• Referring expression grounding data:
----
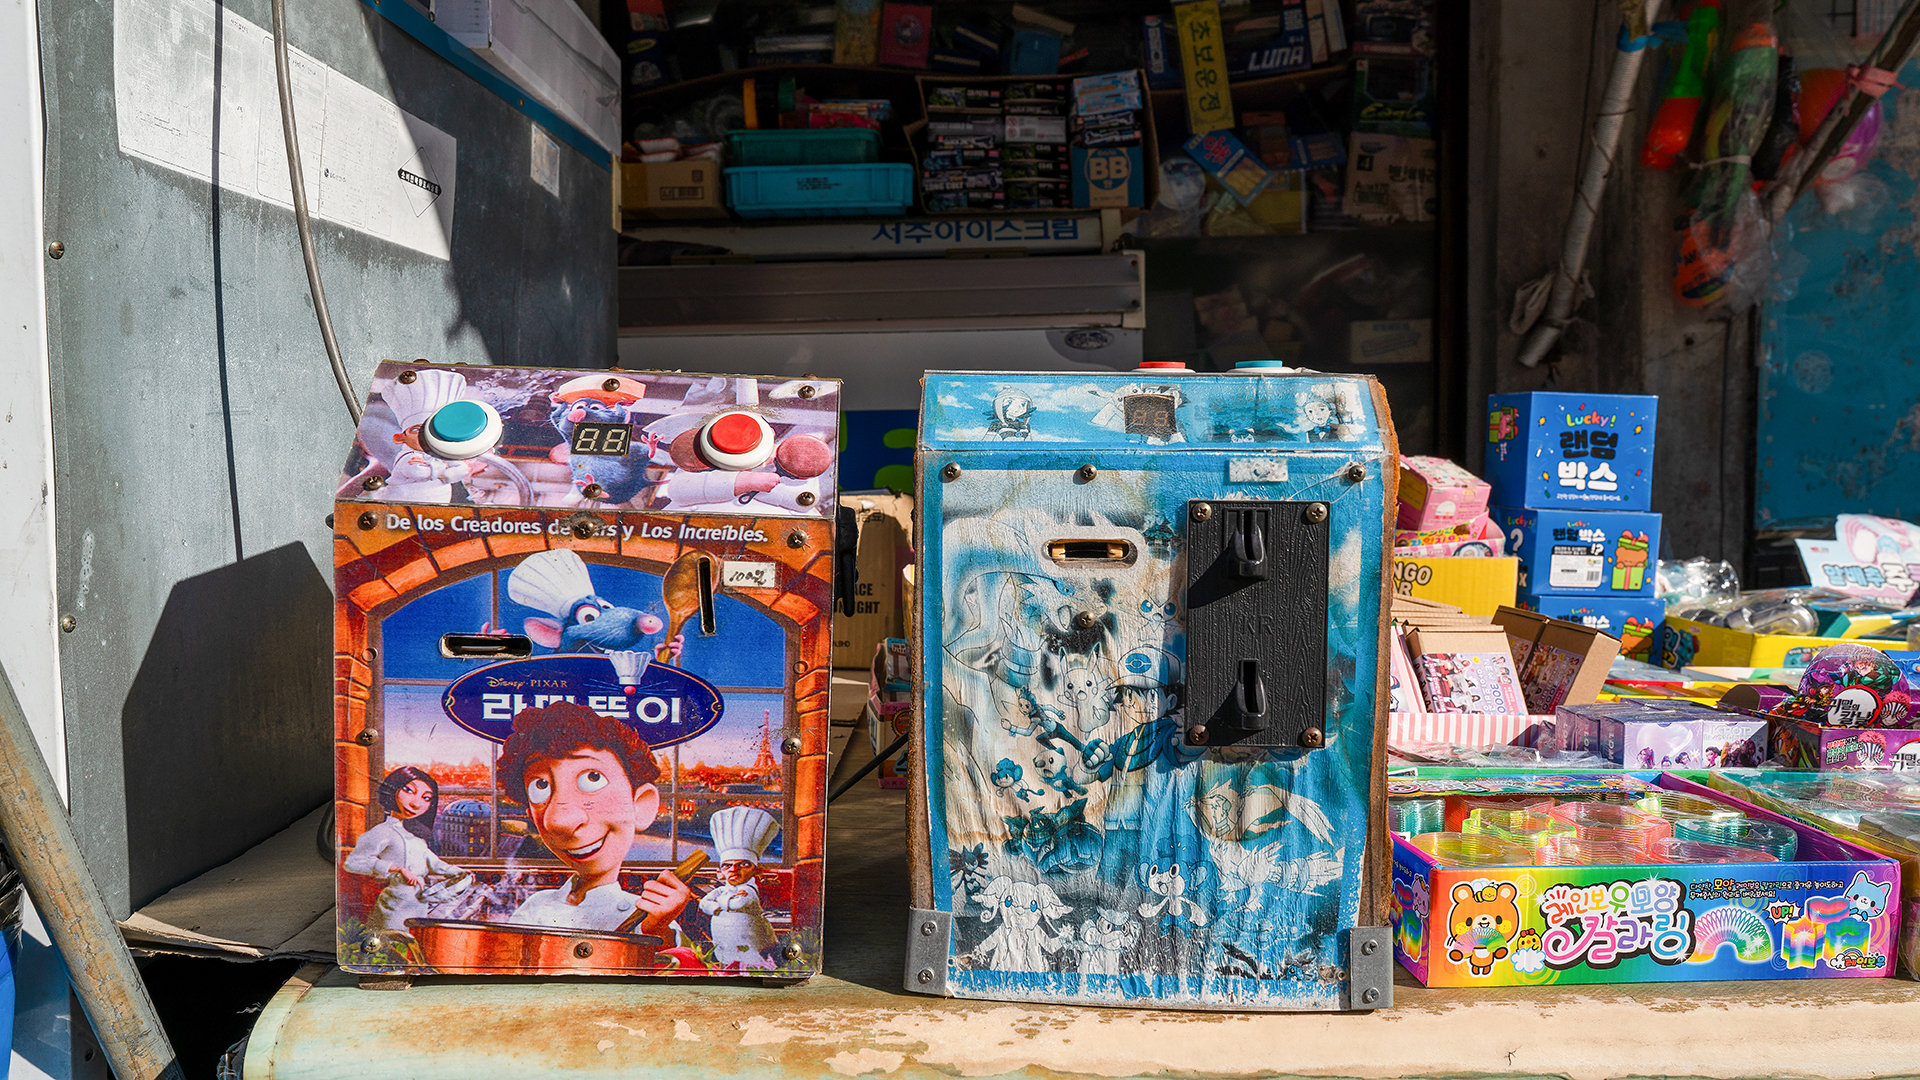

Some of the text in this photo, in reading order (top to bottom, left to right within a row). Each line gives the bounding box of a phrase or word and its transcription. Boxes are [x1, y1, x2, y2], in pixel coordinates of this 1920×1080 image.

[1191, 21, 1221, 112] 초보운전
[1247, 46, 1304, 71] LUNA
[1090, 156, 1128, 180] BB
[872, 219, 1078, 243] 서주아이스크림
[1567, 410, 1616, 427] Lucky!
[1560, 430, 1618, 460] 랜덤
[1558, 461, 1617, 491] 박스
[386, 514, 410, 530] De
[417, 514, 445, 531] los
[451, 516, 541, 534] Creadores
[622, 525, 634, 540] y
[642, 523, 672, 539] Los
[679, 524, 768, 542] Increíbles.
[729, 570, 767, 585] 100원
[486, 677, 568, 690] Disney PIXAR
[1476, 669, 1495, 715] 아이브비공
[1490, 683, 1506, 714] 3000
[1714, 878, 1735, 891] 모양
[1736, 882, 1760, 890] 레인보우
[1794, 880, 1813, 890] 즐거운
[1771, 906, 1794, 919] UP!
[1544, 913, 1687, 960] 칼라링
[1844, 955, 1886, 969] 레인보우
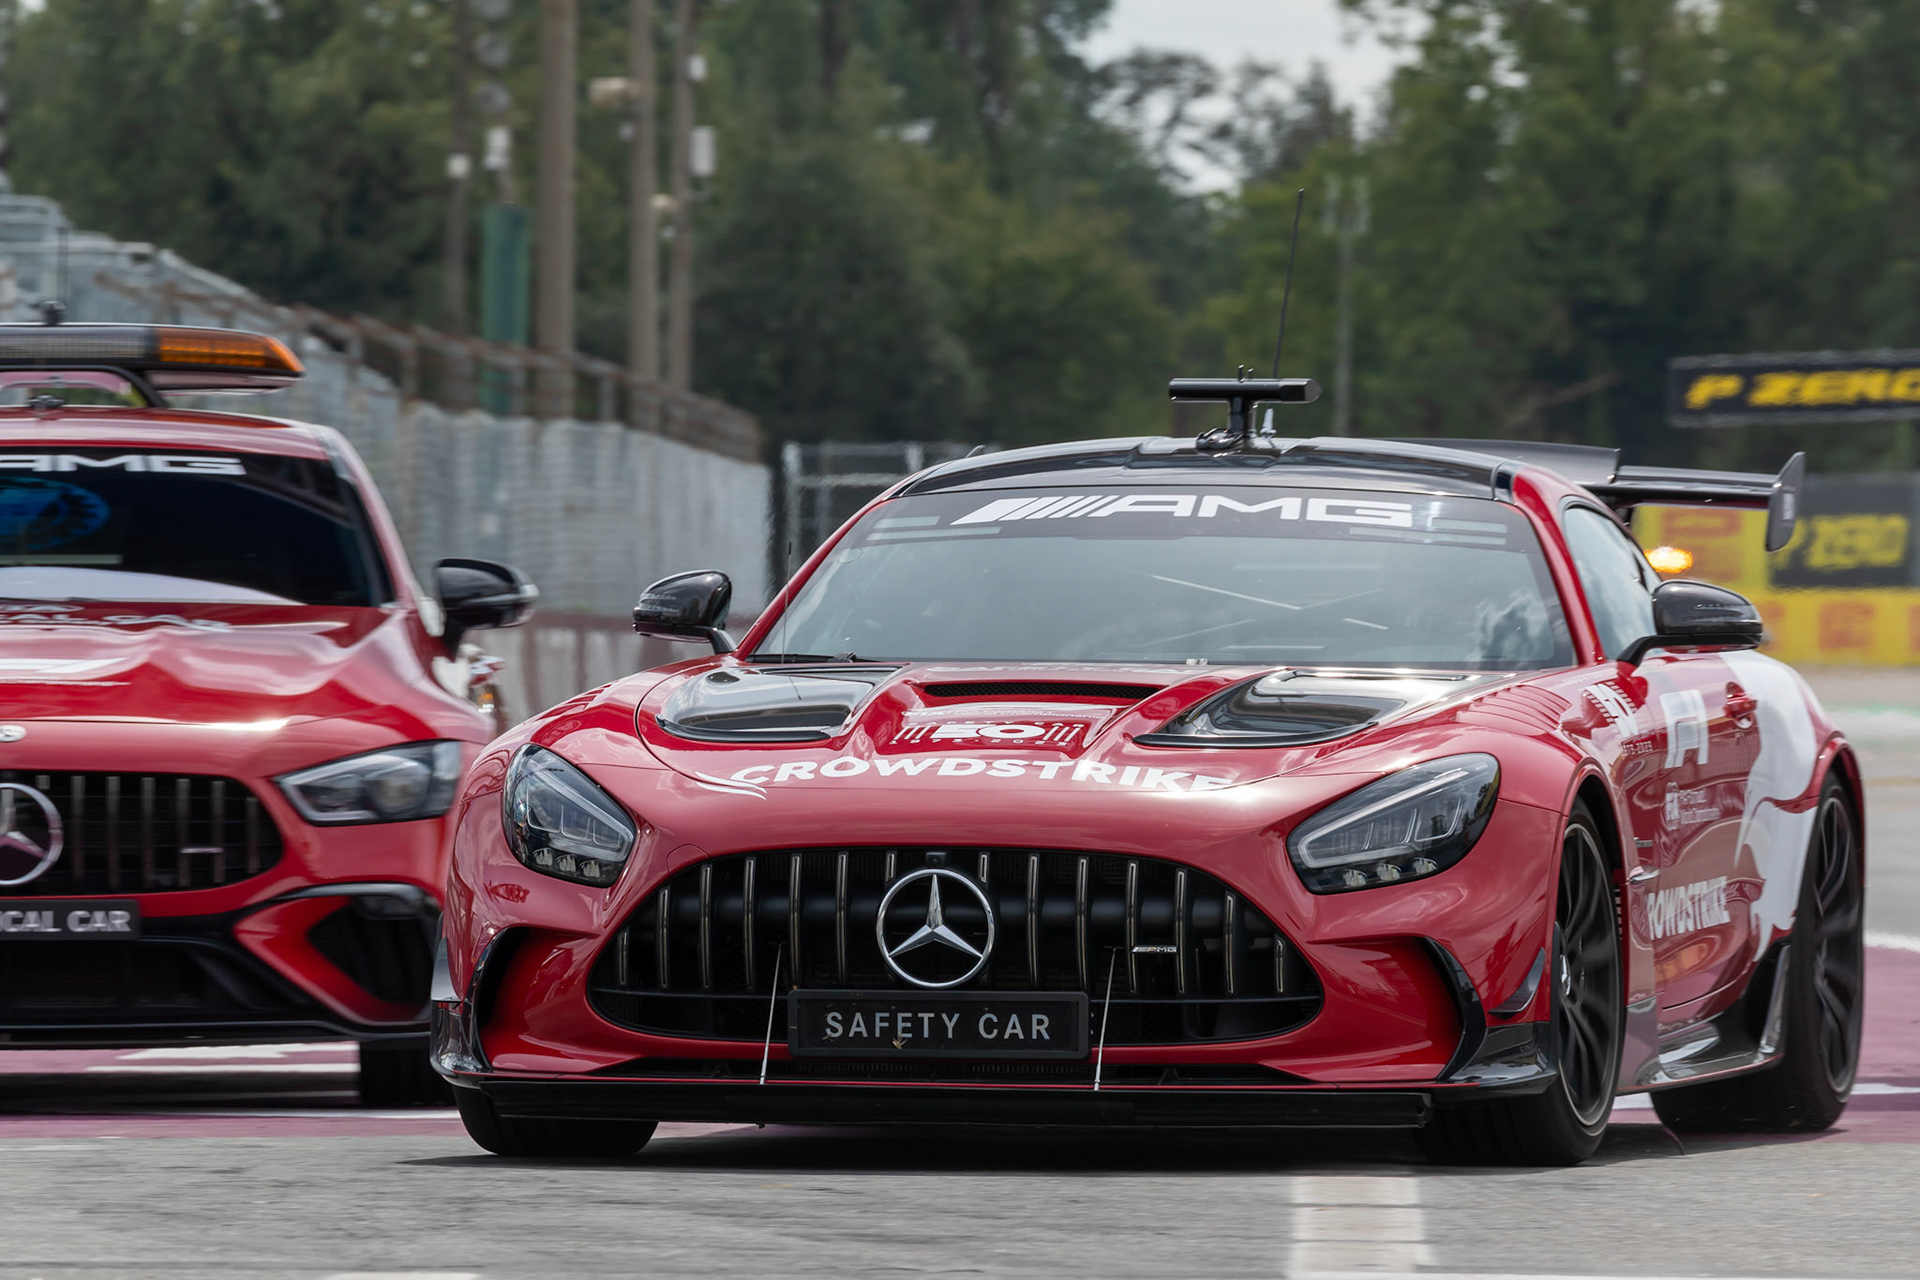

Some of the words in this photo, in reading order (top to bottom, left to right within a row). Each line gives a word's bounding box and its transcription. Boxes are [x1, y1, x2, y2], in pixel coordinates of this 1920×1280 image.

[1088, 494, 1412, 527] AMG
[929, 723, 1046, 739] 50
[730, 756, 1234, 792] CROWDSTRIKE
[67, 911, 131, 932] CAR
[825, 1011, 960, 1039] SAFETY
[978, 1013, 1050, 1040] CAR
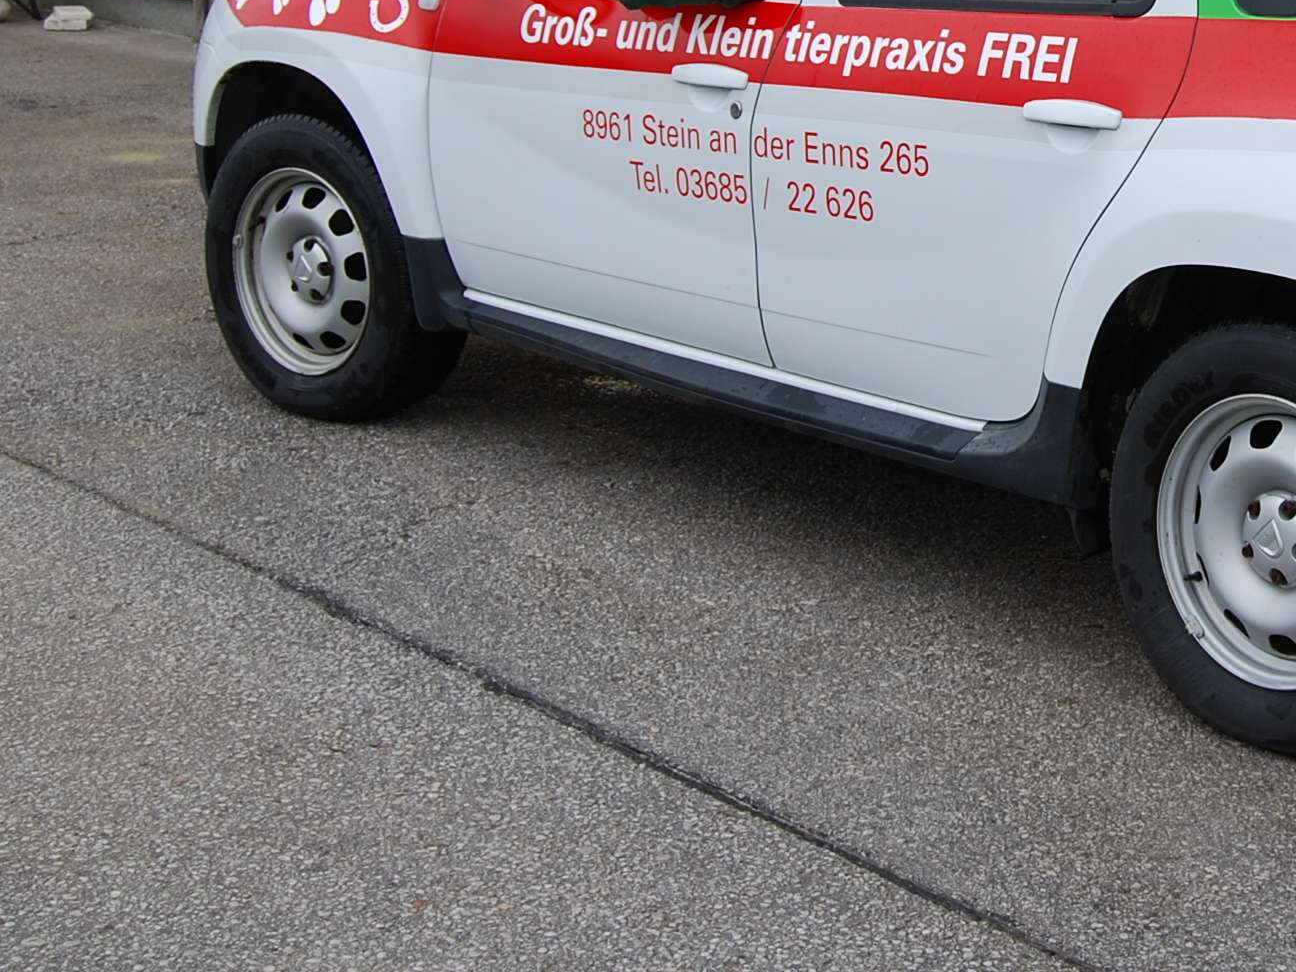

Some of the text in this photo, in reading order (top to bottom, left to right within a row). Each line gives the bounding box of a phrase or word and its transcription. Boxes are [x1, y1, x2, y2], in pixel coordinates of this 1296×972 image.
----
• YOUR OBJECTIVE: Return every line shown above without changing a word, and skip the pictures.

• WRITTEN ANSWER:
Some of the text in this photo, in reading order (top to bottom, left to right within a row). Each line gives the bounding box of a phrase or word and its transcription. Boxes are [x1, y1, x2, y2], in pixel coordinates of this 1920×1080 image.

[1191, 21, 1221, 112] 초보운전
[1247, 46, 1304, 71] LUNA
[1090, 156, 1128, 180] BB
[872, 219, 1078, 243] 서주아이스크림
[1567, 410, 1616, 427] Lucky!
[1560, 430, 1618, 460] 랜덤
[1558, 461, 1617, 491] 박스
[386, 514, 410, 530] De
[417, 514, 445, 531] los
[451, 516, 541, 534] Creadores
[622, 525, 634, 540] y
[642, 523, 672, 539] Los
[679, 524, 768, 542] Increíbles.
[729, 570, 767, 585] 100원
[486, 677, 568, 690] Disney PIXAR
[1476, 669, 1495, 715] 아이브비공
[1490, 683, 1506, 714] 3000
[1714, 878, 1735, 891] 모양
[1736, 882, 1760, 890] 레인보우
[1794, 880, 1813, 890] 즐거운
[1771, 906, 1794, 919] UP!
[1544, 913, 1687, 960] 칼라링
[1844, 955, 1886, 969] 레인보우

Some of the words in this photo, in reading order (top to bottom, left to right within a row). Each line gives a word's bounding box and its transcription. Boxes are [x1, y1, x2, y2], in pixel coordinates of this 1920×1280 image.

[1088, 494, 1412, 527] AMG
[929, 723, 1046, 739] 50
[730, 756, 1234, 792] CROWDSTRIKE
[67, 911, 131, 932] CAR
[825, 1011, 960, 1039] SAFETY
[978, 1013, 1050, 1040] CAR

Some of the text in this photo, in reading order (top to bottom, left to right within a row). Each line gives the bounding box of a phrase or word and its transcription. Boxes are [x1, y1, x2, y2], in pixel coordinates of this 1296×972 image.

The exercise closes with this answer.